Um dos meus netinhos - o Vasco -  
a ouvir a cantiga das águas da cachoeira que parecem morrer na queda tumultuosa
para - logo a seguir -  reviveram na calma como se deixam deslizar no leito da ribeira a fazer de espelho de um céu sem mancha e do verde dos montes e das margens!


Sadias como são as águas da cascata que se despenham numa cantiga de amor à Natureza que lhes deu a força de se fazerem ouvir, para regalo de quem, como o meu jovem netinho, sentado num dos penedos da margem, parece escutar por entre a moldura da paisagem, porque se atentarmos no foto, o jovem - que muito amo - está de ouvido à escuta da cantiga das águas.

Sadias, efectivamente, como aquelas águas que a foto documenta, são assim as cantigas que se cantavam - hoje, muito menos - num rincão da Beira Baixa que eu conheço e onde nasci e que costumam cantar-se nos encontros de amigos, muitas delas, intencionalmente dirigidas pelos cantadores aos seus derriços, ou para quem se pretendia que viessem a ser.

Cantigas simples, sem arrebiques de grande cultura, tinham e têm na sinjeleza da forma todo o seu encanto da cultura popular onde vão buscar o engenho e a arte, porque é, efectivamente, de uma forma de arte que se trata, até porque na construção do verso e no encadear das rimas se vê, quantas vezes, como são ricas as quadras que o povo canta.


Conheci e fui muito próximo - e ele de mim -  de um lídimo cantor dessas quadras populares e que Deus já lá tem. Tinha o hábito salutar de encher os tempos de lazer, perfumando-os com as simples e belas cantigas que aos serões, num tempo que já lá vai, faziam que as horas se demorassem um pouco mais - como se elas mesmo o quisessem ouvir -  tendo deixado uma grande saudade em todos os que o conheceram pela sua alegria de viver.

Habitualmente, não resistia ao ouvir o trinar duma guitarra sem que pedisse ao artista que dedilhasse "o fado menor" do qual dizia ser a "mãe de todos os fados.", não importando a melancolia que o caracteriza nos seus dois únicos acordes. Noutras vezes pedia o "fado corrido" ou o "mouraria", de acordo com o estado de alma do momento, sendo sempre um regalo ouvi-lo nas quadras simples em que punha toda alma grande que o fez viver e admirar a vida.
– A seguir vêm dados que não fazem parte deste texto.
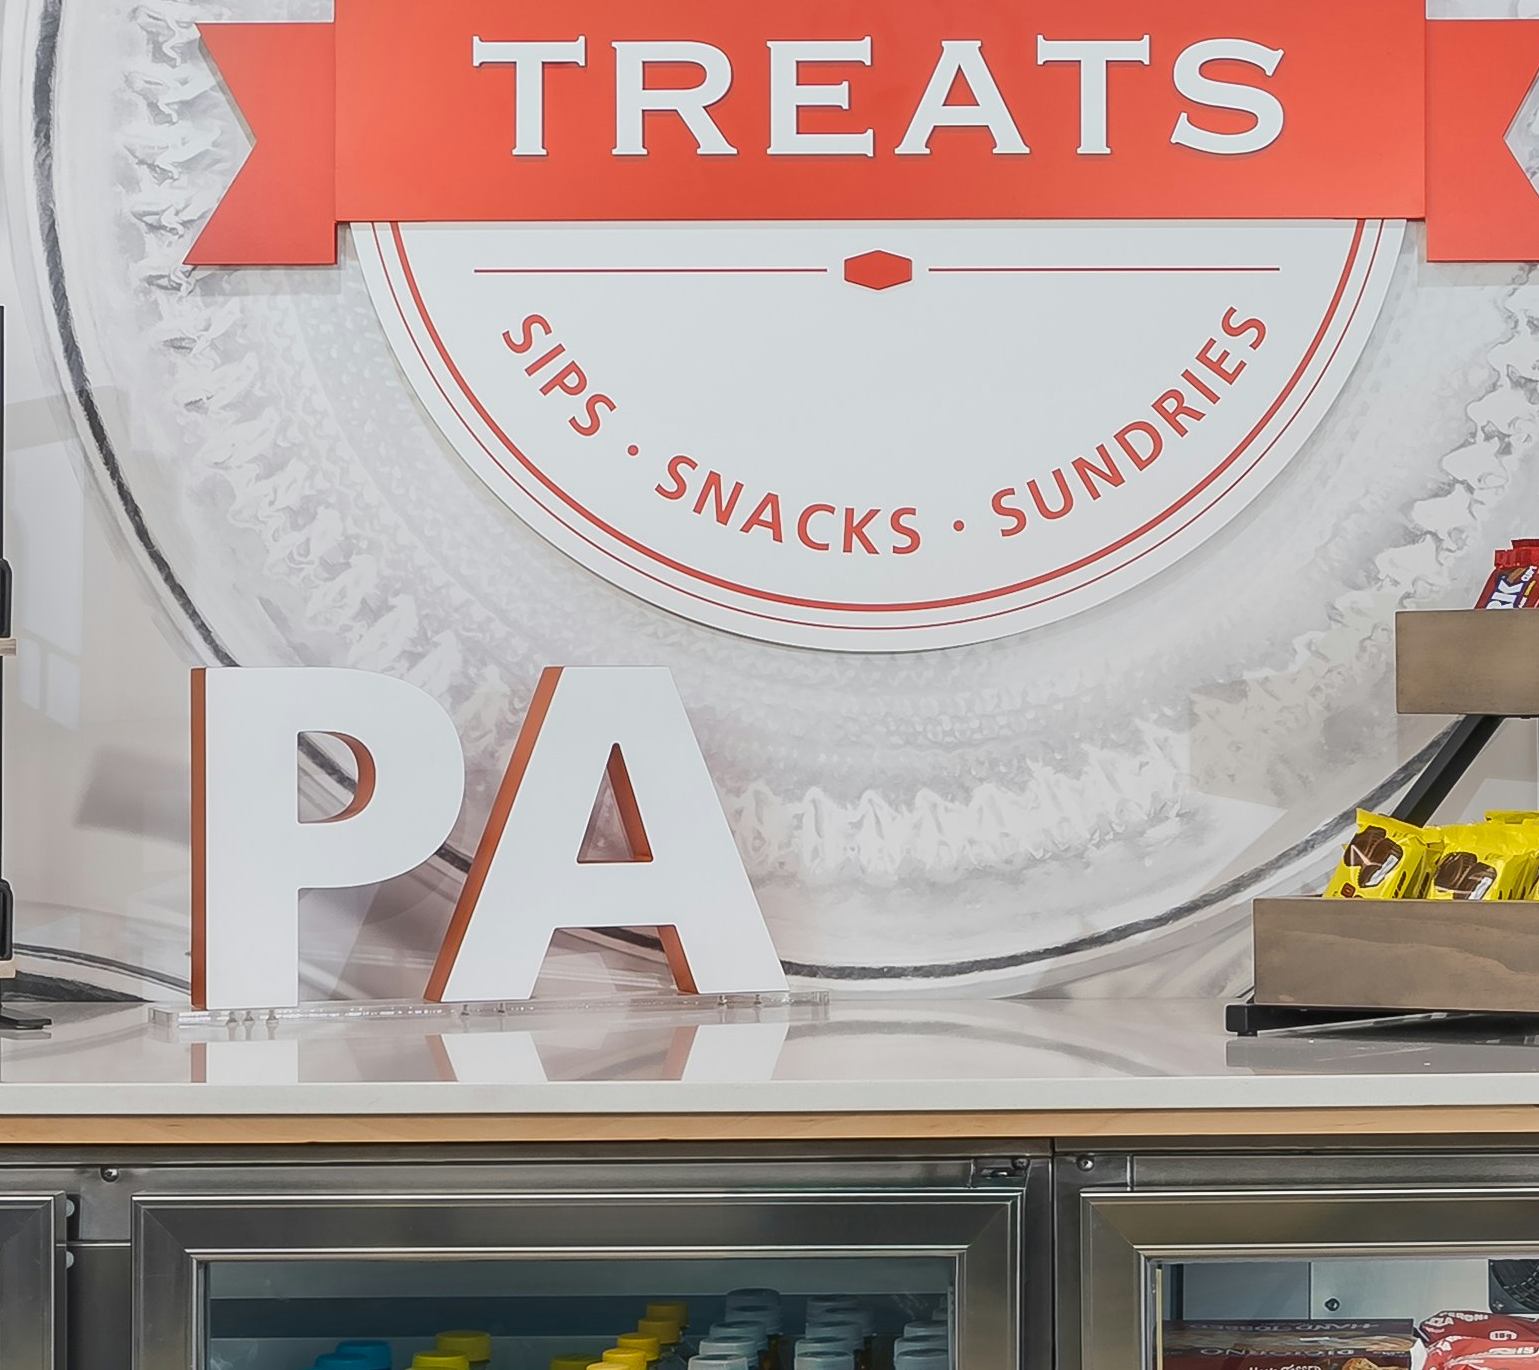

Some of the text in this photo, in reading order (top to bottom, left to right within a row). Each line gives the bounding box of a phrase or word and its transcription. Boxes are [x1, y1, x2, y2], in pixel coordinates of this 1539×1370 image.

[472, 34, 1285, 158] TREATS
[501, 306, 1268, 555] SIPS SNACKS SUNDRIES
[190, 665, 789, 1011] PA
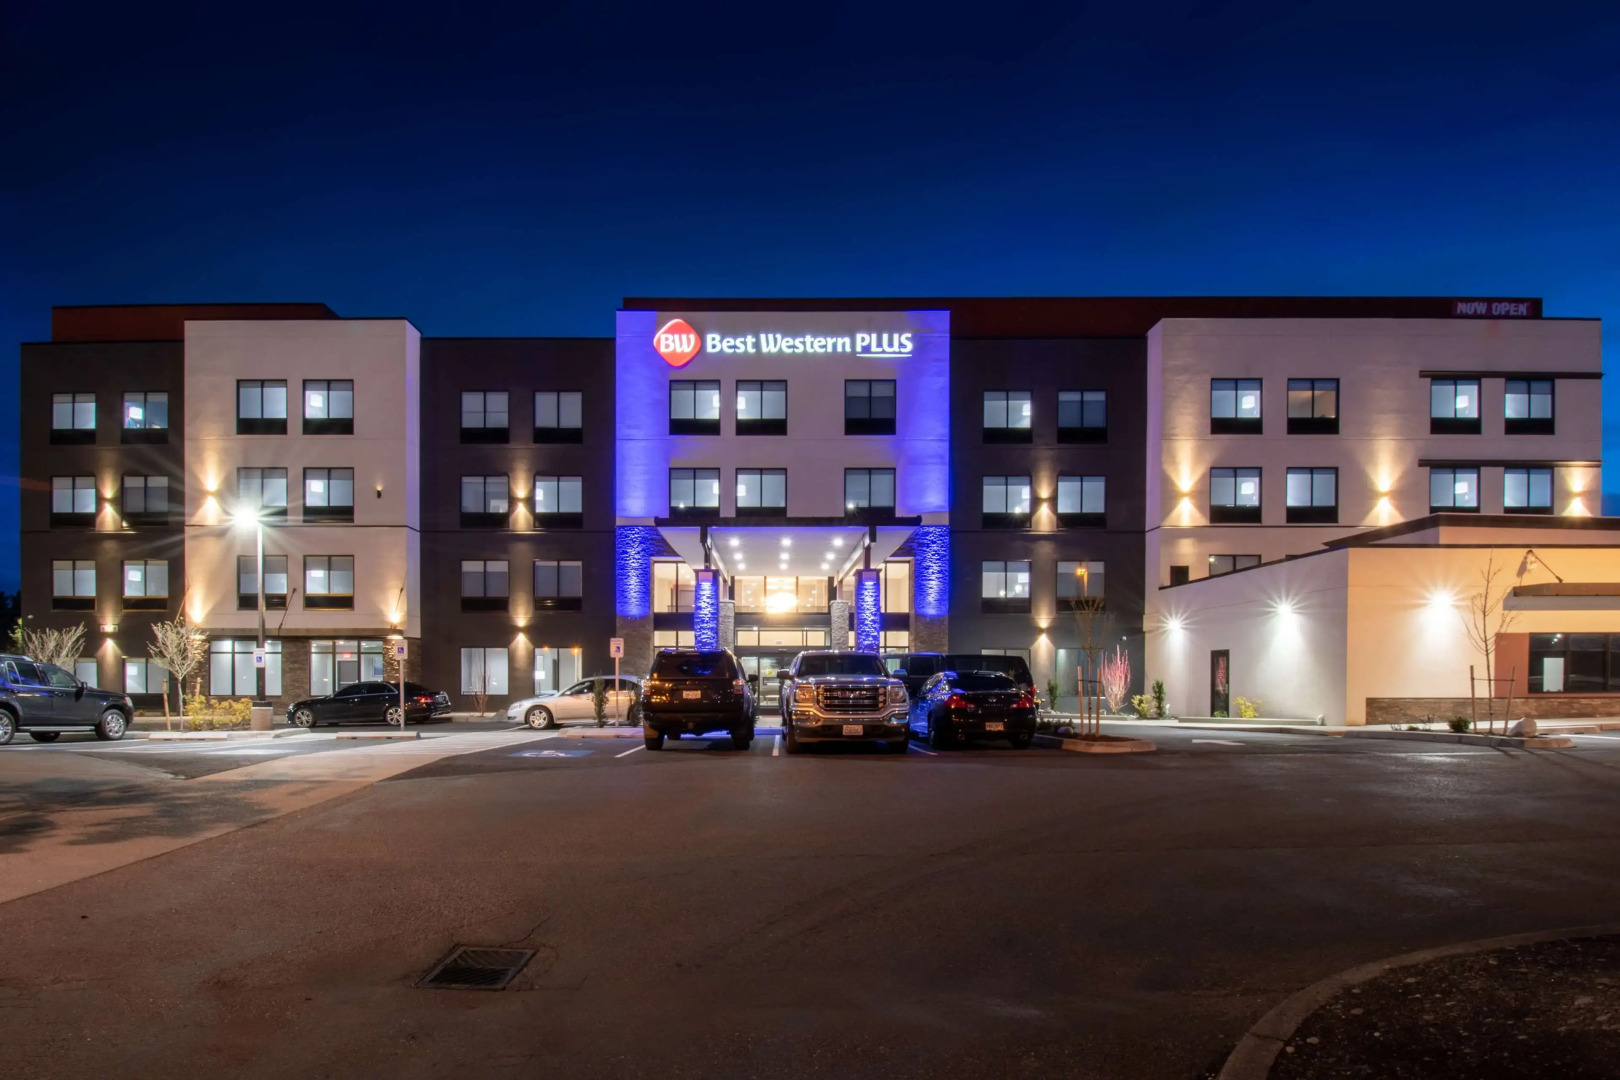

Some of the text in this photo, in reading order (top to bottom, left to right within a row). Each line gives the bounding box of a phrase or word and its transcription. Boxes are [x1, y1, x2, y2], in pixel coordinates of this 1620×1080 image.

[1457, 301, 1527, 315] NOW OPEN
[660, 333, 695, 352] BW
[706, 332, 913, 353] Best Western PLUS
Um dia adoeceu da doença que o havia de levar para o Céu, que tenho a certeza, mereceu pela sua postura de homem bom que ele incarnou.
Recordo-me muito bem, porque assisti à sua saída de casa a caminho do Hospital dum facto que jamais esquecerei.
Aquela alma grande saiu de casa a cantar a seguinte quadra de que muito gostava:

                        Cantigas ao desafio
                        Comigo ninguém as cante.
                        Que eu tenho quem mas ensine
                        Que o meu amor é estudante!

Foi-se e não voltou nunca mais a cantar, mas algumas das quadras que agora e logo fui tomando nota e guardei religiosamente, ficam aqui plasmadas em honra da sua memória e dos aprazíveis momentos que vivemos e, que, não são apenas lembranças, mas pedaços de vida que continuam vivos, a demonstrar aos incautos, que a vida merece sempre ser vivida se dela deixarmos memória.

Temos esse dever. 

É um dever sagrado, porque o homem criado "à semelhança de Deus" tem o dever de se parecer com Ele, tal como se pareceu Eduardo da Costa Martins, que assim se chamou aquele saudoso beirão - pai da mulher que Deus me destinou - e com quem convivi de perto tempos que hão-de ficar até que um dia, o Deus Eterno me chame para lhe fazer companhia.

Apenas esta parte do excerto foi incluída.